One night, a young woman came in after an assault. She was cold, withdrawn, and kept asking if “He could find her here.” Unfortunately, she was not getting the reassurance she needed as at the time the advocate (me) and the SAFE were still on their way, and the attending physician was overrun.

When I did arrive in her room, I saw the state of panic and fear she was in. My first instinct was to adjust the room to help alleviate the pressure of being in the hospital as even just coming forward with their story is a big step. Knowing how irritating the fluorescent lights are, I asked if she wanted the lights dimmed and then stayed with her in silence as she began to calm and no longer hyperventilated.

At first we didn’t talk much, and I didn’t push as I went at her pace, but eventually she began to open up and told me her story. As harrowing a story is, I’ve learned to approach everyone with that same calm and attentive care letting the survivor process the event and try to remember what occurred. Oftentimes the most impactful thing I can do is to just sit and listen and answer any questions.

I knew my presence was needed as she even allowed me to hold her hand while she spoke to a family member about what happened to her. And again as she agreed to have the SAFE exam conducted on her after much hesitation and discussion.
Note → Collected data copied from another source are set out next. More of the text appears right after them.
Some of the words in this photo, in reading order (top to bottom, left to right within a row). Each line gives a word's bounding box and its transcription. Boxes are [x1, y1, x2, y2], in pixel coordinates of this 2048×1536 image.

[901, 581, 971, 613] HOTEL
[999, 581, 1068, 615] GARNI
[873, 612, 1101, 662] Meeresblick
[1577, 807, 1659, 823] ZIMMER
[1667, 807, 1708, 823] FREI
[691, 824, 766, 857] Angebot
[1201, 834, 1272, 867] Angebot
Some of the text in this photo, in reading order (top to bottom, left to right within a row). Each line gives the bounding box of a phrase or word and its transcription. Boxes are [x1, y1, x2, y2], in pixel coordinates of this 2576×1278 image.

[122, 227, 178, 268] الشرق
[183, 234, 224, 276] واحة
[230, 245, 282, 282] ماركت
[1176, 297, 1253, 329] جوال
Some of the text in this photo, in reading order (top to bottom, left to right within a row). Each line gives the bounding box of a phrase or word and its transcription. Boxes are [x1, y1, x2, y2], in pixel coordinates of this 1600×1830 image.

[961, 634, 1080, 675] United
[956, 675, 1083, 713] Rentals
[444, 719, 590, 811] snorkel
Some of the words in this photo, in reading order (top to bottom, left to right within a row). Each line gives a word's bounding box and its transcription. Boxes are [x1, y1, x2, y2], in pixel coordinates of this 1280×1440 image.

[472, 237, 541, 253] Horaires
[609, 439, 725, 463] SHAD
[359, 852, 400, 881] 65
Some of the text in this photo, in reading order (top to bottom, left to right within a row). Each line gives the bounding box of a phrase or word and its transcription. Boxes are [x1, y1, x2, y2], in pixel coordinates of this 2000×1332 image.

However, it wasn’t until much later that shift that she told me: “I almost left. But you didn’t treat me like a case. You treated me like I was still a person.”

No one charted that. But it mattered.

Final Thoughts

Emergency medicine is incredible. It saves lives every minute. But the best EDs also preserve dignity.

Crisis advocates know how to hold pain. How to name silence and offer care that can’t be billed but can save someone’s ability to trust healthcare again, thus allowing them to speak their truth.

We don’t need more protocols. We need more presence.

And maybe, just maybe — medicine could learn from the ones who have yet to write the chart.